Titanium dioxide nanoparticles (TiO2 NPs) can cause apoptosis in TM4 cells; however, the underlying mechanism has not been entirely elucidated. The purpose of this study was to investigate the effects of TiO2 NPs on ROS, Ca2+ level, p38/AKT/mTOR pathway, and apoptosis in TM4 cells and to evaluate the role of Ca2+ in p38/AKT/mTOR pathway and apoptosis. After exposure to different concentrations (0, 50, 100, 150, and 200 μg/mL) of TiO2 NPs for 24 h, cell viability, ROS, Ca2+ level, Ca2+-ATPase activity, p38/AKT/mTOR pathway-related proteins, apoptosis rate, and apoptosis-related proteins (Bax, Bcl-2, Caspase 3, Caspase 9, and p53) were detected. The ROS scavenger NAC was used to determine the effect of ROS on Ca2+ level.
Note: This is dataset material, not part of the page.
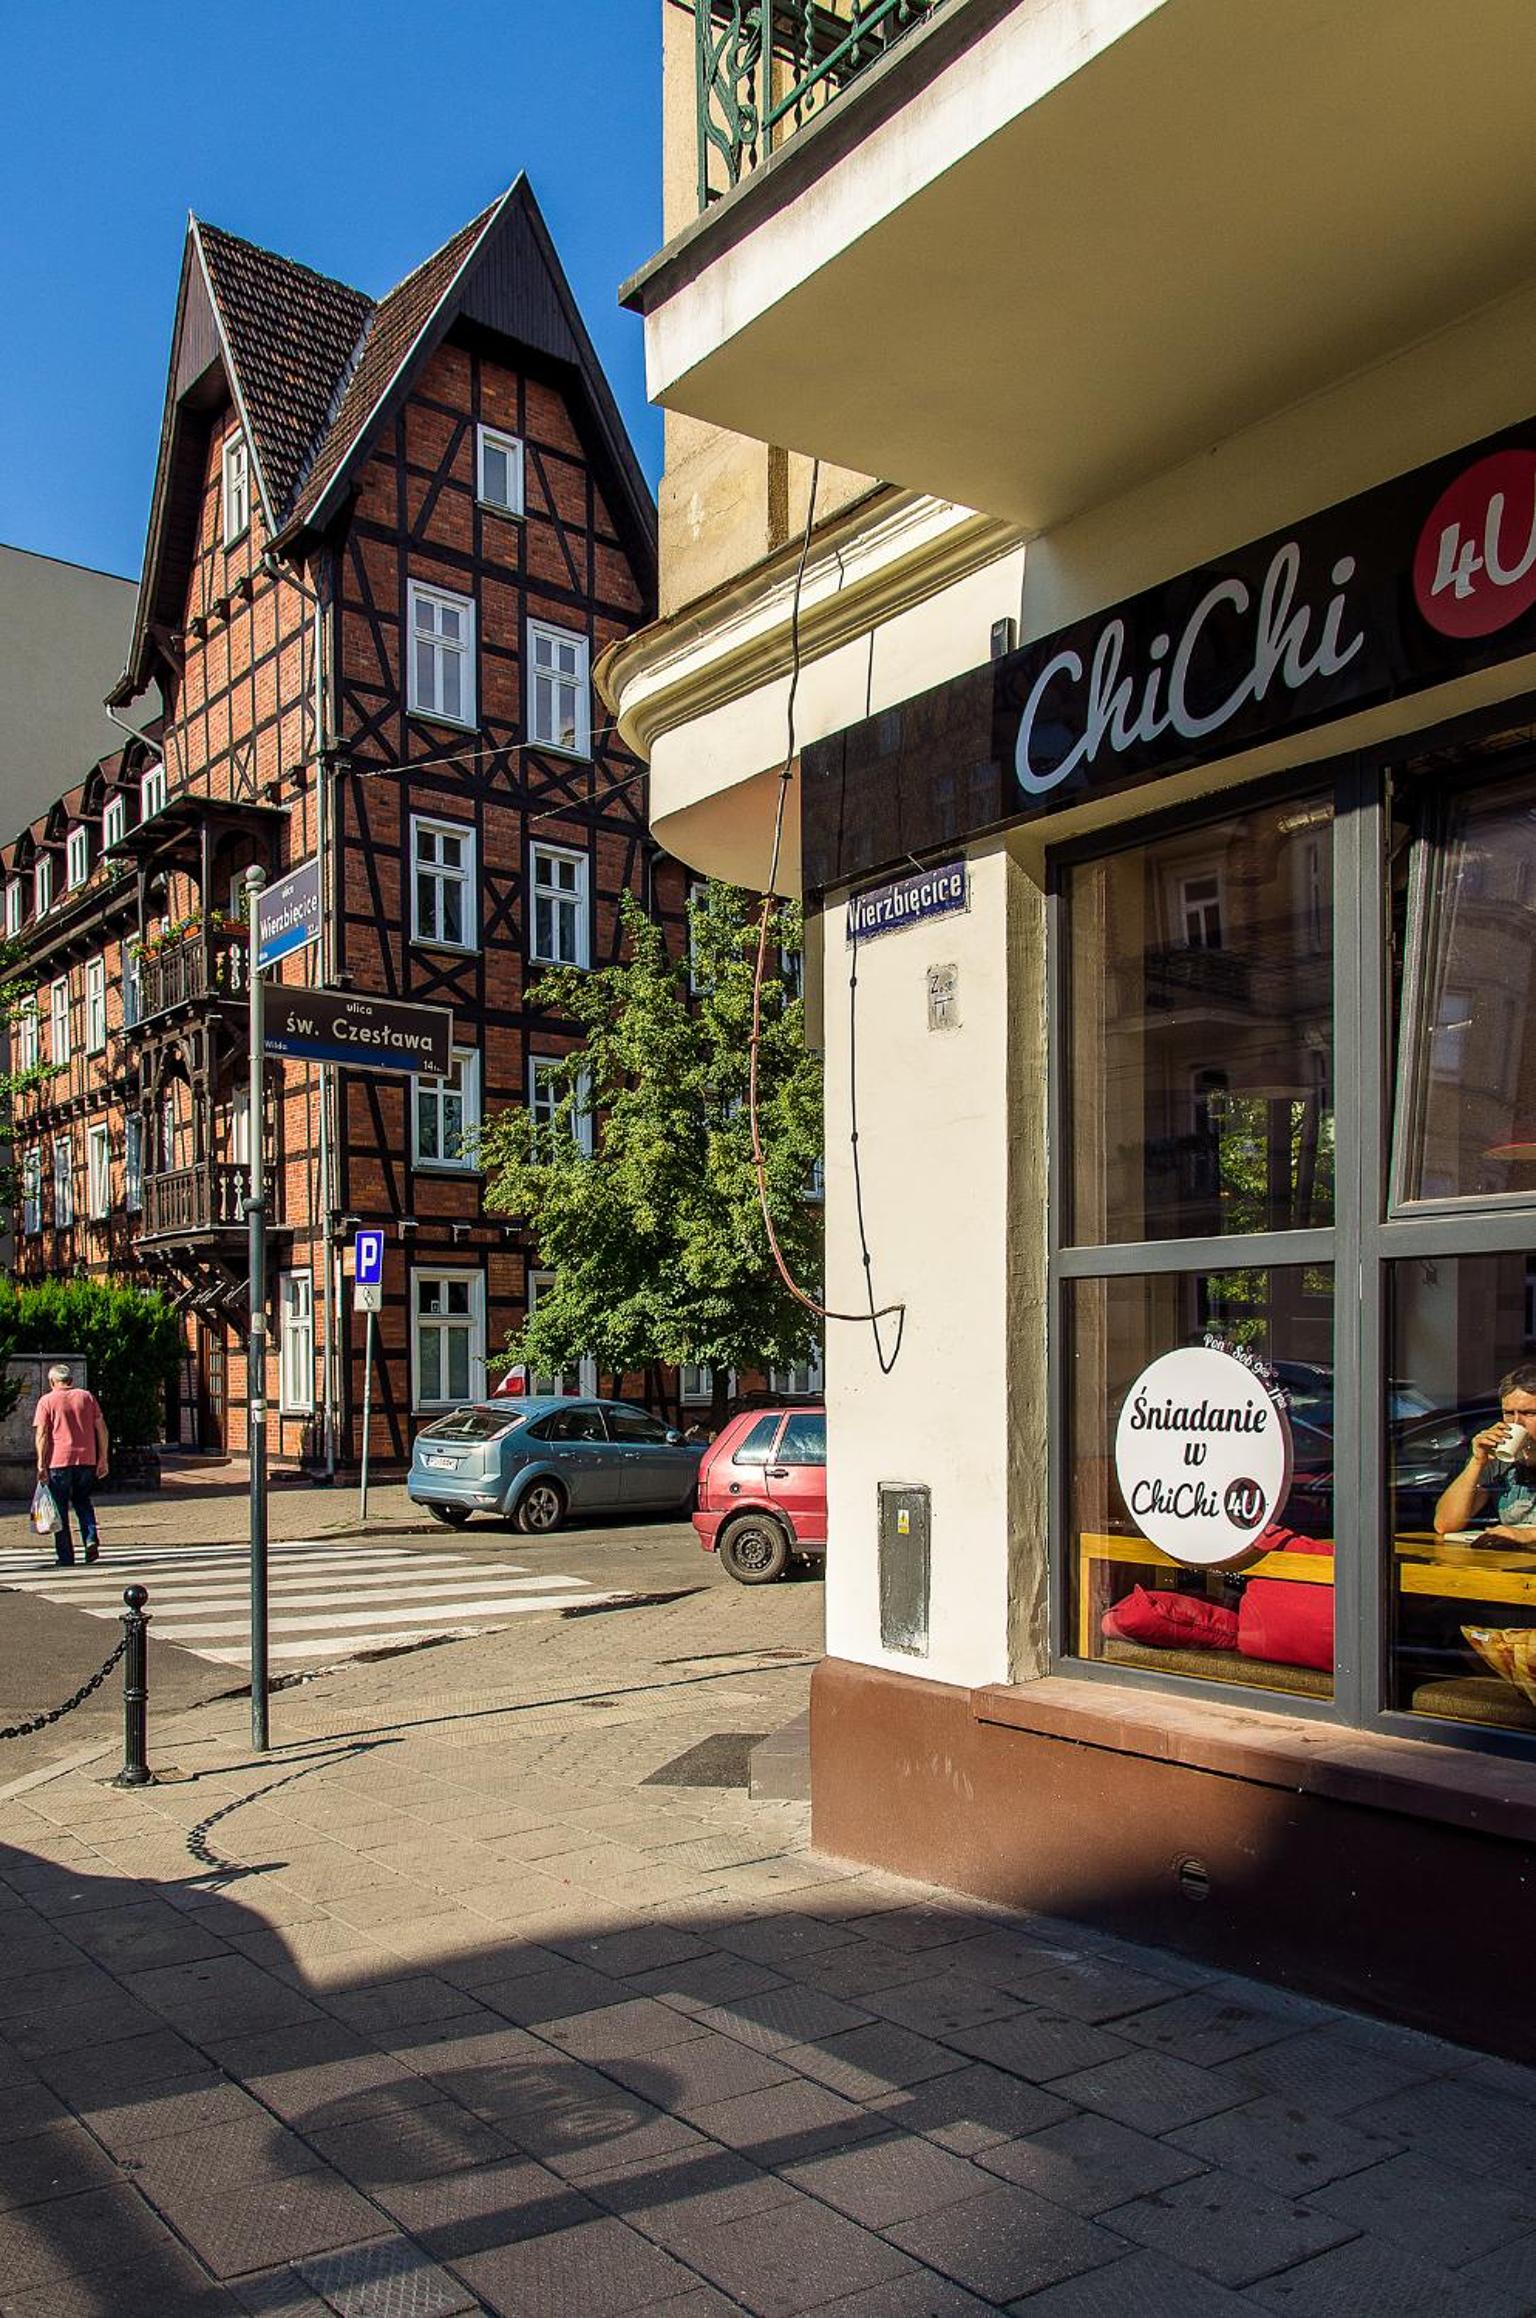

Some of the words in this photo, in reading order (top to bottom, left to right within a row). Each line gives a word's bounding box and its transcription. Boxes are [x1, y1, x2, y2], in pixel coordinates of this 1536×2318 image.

The Ca2+ chelator BAPTA-AM was used to evaluate the role of Ca2+ in p38/AKT/mTOR pathway and apoptosis. TiO2 NPs significantly inhibited cell viability, increased ROS level, and elevated Ca2+ level while suppressing Ca2+-ATPase activity. TiO2 NPs regulated the p38/AKT/mTOR pathway via increasing p-p38 level and decreasing p-AKT and p-mTOR levels. TiO2 NPs significantly enhanced the apoptosis. NAC attenuated Ca2+ overload and reduction in Ca2+-ATPase activity caused by TiO2 NPs. BAPTA-AM alleviated TiO2 NPs-induced abnormal expression of p38/AKT/mTOR pathway-related proteins. BAPTA-AM assuaged the apoptosis caused by TiO2 NPs. Altogether, this study revealed that TiO2 NPs elevated intracellular Ca2+ level through ROS accumulation. Subsequently, the heightened intracellular Ca2+ level was observed to exert regulation over the p38/AKT/mTOR pathway, ultimately culminating in apoptosis. These results provides a complementary understanding to the mechanism of TiO2 NPs-induced apoptosis in TM4 cells.